Imaginary Friends, Stimming, and Other Things You Were Told to Worry About

Published May 12, 2026

Several common autistic behaviours — imaginary friends, stimming, special interests, repetitive play — are often flagged as concerning. Most aren't. A guide to what these behaviours actually mean.

Imaginary Friends, Stimming, and Other Things You Were Told to Worry About

A pattern many autism parents experience: a teacher, relative, or therapist points out a behaviour as "concerning" — and you spend two weeks worried until you realize it's actually fine. Some autistic behaviours look unusual to people unfamiliar with autism but are normal, healthy, or even beneficial.

Imaginary friends

Many autistic children develop imaginary friends — vividly, with personalities, voices, preferences.

What research and lived experience show: - Autistic children with imaginary friends tend to have better social skills than autistic children without them. - Imaginary friends are a form of pretend play, which is often delayed in autistic children. When it emerges, it's a positive developmental sign. - An autistic child who says "this is my friend Sam who only I can see" understands Sam isn't visible to others — they're playing.
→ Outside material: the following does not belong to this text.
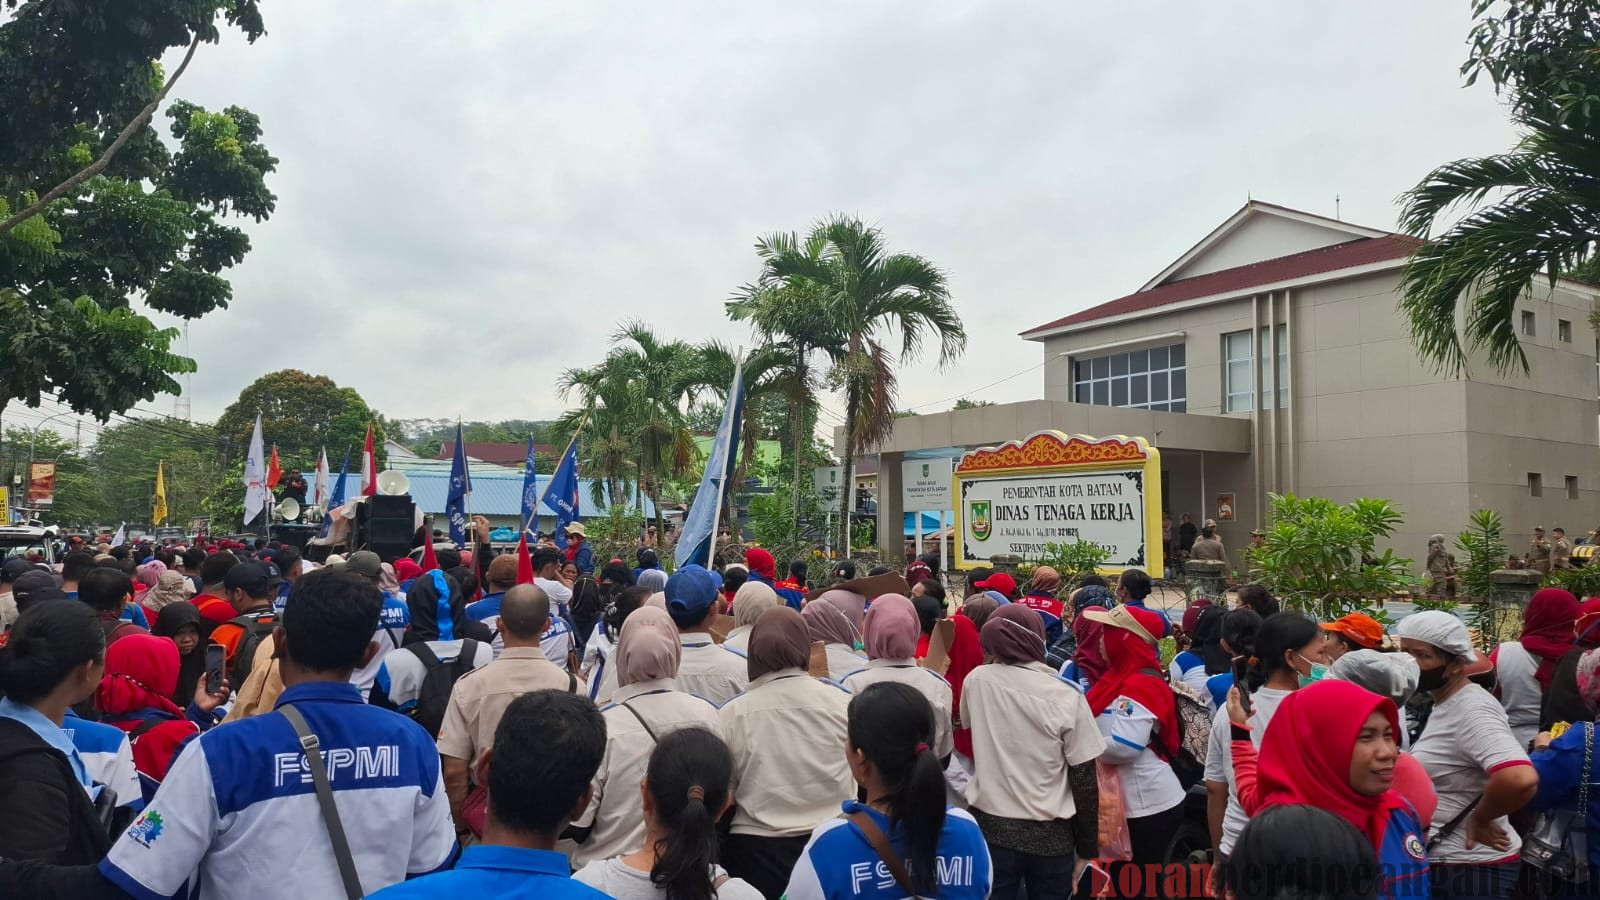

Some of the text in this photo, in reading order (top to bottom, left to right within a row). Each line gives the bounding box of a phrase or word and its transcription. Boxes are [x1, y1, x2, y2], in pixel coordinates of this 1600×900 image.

For most childhood imaginary friends in autistic children: enjoy the creativity, ask about the friend, let it be.

Stimming

Self-stimulatory behaviour — flapping, rocking, spinning, finger movements, vocalizations, repeated phrases. Stimming is one of the most defining and most misunderstood autistic behaviours.

What stimming actually does: - Regulates the nervous system. Stimming releases stress, manages sensory overload. - Expresses emotion. Many autistic children flap when excited, rock when stressed. - Aids focus. - Provides sensory input the body is seeking.

Most autism advocates and current best practice: don't suppress stimming unless it's causing harm.

Acceptable stimming: hand flapping, rocking, jumping, spinning, repeated noises, repeated phrases.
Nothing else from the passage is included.